• **Spatial localization data**:

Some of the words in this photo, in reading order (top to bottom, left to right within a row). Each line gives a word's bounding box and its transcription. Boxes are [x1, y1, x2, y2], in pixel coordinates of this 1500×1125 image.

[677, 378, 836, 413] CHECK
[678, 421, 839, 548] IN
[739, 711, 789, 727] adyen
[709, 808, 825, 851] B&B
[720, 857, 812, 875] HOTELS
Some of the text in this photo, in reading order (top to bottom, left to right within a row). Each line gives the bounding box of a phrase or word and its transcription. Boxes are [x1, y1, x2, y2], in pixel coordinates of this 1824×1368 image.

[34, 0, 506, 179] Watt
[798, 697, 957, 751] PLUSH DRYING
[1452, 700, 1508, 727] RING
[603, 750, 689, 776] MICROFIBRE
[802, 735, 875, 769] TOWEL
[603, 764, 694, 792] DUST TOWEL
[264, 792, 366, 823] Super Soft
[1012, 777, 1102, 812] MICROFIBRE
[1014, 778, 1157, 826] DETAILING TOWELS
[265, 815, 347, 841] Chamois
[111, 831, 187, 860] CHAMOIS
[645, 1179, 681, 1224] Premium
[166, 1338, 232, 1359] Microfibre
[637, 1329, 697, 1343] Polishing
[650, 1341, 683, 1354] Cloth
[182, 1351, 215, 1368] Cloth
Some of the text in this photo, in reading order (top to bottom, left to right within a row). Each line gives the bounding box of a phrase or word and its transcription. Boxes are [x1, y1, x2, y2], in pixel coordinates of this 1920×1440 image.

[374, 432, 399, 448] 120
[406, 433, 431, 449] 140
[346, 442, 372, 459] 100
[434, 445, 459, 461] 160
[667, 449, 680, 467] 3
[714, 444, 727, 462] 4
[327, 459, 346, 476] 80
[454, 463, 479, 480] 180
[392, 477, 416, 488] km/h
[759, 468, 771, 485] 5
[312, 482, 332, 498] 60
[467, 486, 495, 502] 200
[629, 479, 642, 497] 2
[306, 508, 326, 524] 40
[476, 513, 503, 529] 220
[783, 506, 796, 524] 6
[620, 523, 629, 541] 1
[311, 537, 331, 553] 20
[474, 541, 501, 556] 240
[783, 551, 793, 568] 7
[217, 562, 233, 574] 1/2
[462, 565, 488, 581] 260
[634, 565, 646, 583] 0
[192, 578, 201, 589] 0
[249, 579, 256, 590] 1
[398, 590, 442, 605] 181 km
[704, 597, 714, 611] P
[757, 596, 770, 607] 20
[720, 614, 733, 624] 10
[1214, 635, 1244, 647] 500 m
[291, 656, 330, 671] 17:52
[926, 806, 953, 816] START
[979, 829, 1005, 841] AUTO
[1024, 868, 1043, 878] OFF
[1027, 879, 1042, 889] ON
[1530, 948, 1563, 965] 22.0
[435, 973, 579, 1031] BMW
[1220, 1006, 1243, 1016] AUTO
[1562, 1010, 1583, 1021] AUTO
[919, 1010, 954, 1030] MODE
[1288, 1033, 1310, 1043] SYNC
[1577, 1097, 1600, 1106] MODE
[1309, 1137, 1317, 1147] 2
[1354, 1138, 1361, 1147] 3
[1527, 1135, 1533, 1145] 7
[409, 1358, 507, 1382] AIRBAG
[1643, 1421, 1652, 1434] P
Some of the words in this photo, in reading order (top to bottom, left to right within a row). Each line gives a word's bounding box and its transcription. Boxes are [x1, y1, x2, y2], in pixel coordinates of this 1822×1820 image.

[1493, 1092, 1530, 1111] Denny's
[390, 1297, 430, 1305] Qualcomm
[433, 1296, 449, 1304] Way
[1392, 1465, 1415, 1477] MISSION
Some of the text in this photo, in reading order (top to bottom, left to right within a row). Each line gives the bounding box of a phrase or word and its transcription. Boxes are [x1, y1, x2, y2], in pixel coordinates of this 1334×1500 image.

• **TASK PROMPT**: A word-for-word restatement of all the records is required.

• **RESPONSE TO THIS TASK**:
Some of the words in this photo, in reading order (top to bottom, left to right within a row). Each line gives a word's bounding box and its transcription. Boxes are [x1, y1, x2, y2], in pixel coordinates of this 1500×1125 image.

[677, 378, 836, 413] CHECK
[678, 421, 839, 548] IN
[739, 711, 789, 727] adyen
[709, 808, 825, 851] B&B
[720, 857, 812, 875] HOTELS
Some of the text in this photo, in reading order (top to bottom, left to right within a row). Each line gives the bounding box of a phrase or word and its transcription. Boxes are [x1, y1, x2, y2], in pixel coordinates of this 1824×1368 image.

[34, 0, 506, 179] Watt
[798, 697, 957, 751] PLUSH DRYING
[1452, 700, 1508, 727] RING
[603, 750, 689, 776] MICROFIBRE
[802, 735, 875, 769] TOWEL
[603, 764, 694, 792] DUST TOWEL
[264, 792, 366, 823] Super Soft
[1012, 777, 1102, 812] MICROFIBRE
[1014, 778, 1157, 826] DETAILING TOWELS
[265, 815, 347, 841] Chamois
[111, 831, 187, 860] CHAMOIS
[645, 1179, 681, 1224] Premium
[166, 1338, 232, 1359] Microfibre
[637, 1329, 697, 1343] Polishing
[650, 1341, 683, 1354] Cloth
[182, 1351, 215, 1368] Cloth
Some of the text in this photo, in reading order (top to bottom, left to right within a row). Each line gives the bounding box of a phrase or word and its transcription. Boxes are [x1, y1, x2, y2], in pixel coordinates of this 1920×1440 image.

[374, 432, 399, 448] 120
[406, 433, 431, 449] 140
[346, 442, 372, 459] 100
[434, 445, 459, 461] 160
[667, 449, 680, 467] 3
[714, 444, 727, 462] 4
[327, 459, 346, 476] 80
[454, 463, 479, 480] 180
[392, 477, 416, 488] km/h
[759, 468, 771, 485] 5
[312, 482, 332, 498] 60
[467, 486, 495, 502] 200
[629, 479, 642, 497] 2
[306, 508, 326, 524] 40
[476, 513, 503, 529] 220
[783, 506, 796, 524] 6
[620, 523, 629, 541] 1
[311, 537, 331, 553] 20
[474, 541, 501, 556] 240
[783, 551, 793, 568] 7
[217, 562, 233, 574] 1/2
[462, 565, 488, 581] 260
[634, 565, 646, 583] 0
[192, 578, 201, 589] 0
[249, 579, 256, 590] 1
[398, 590, 442, 605] 181 km
[704, 597, 714, 611] P
[757, 596, 770, 607] 20
[720, 614, 733, 624] 10
[1214, 635, 1244, 647] 500 m
[291, 656, 330, 671] 17:52
[926, 806, 953, 816] START
[979, 829, 1005, 841] AUTO
[1024, 868, 1043, 878] OFF
[1027, 879, 1042, 889] ON
[1530, 948, 1563, 965] 22.0
[435, 973, 579, 1031] BMW
[1220, 1006, 1243, 1016] AUTO
[1562, 1010, 1583, 1021] AUTO
[919, 1010, 954, 1030] MODE
[1288, 1033, 1310, 1043] SYNC
[1577, 1097, 1600, 1106] MODE
[1309, 1137, 1317, 1147] 2
[1354, 1138, 1361, 1147] 3
[1527, 1135, 1533, 1145] 7
[409, 1358, 507, 1382] AIRBAG
[1643, 1421, 1652, 1434] P
Some of the words in this photo, in reading order (top to bottom, left to right within a row). Each line gives a word's bounding box and its transcription. Boxes are [x1, y1, x2, y2], in pixel coordinates of this 1822×1820 image.

[1493, 1092, 1530, 1111] Denny's
[390, 1297, 430, 1305] Qualcomm
[433, 1296, 449, 1304] Way
[1392, 1465, 1415, 1477] MISSION
Some of the text in this photo, in reading order (top to bottom, left to right within a row). Each line gives the bounding box of a phrase or word and its transcription. Boxes are [x1, y1, x2, y2], in pixel coordinates of this 1334×1500 image.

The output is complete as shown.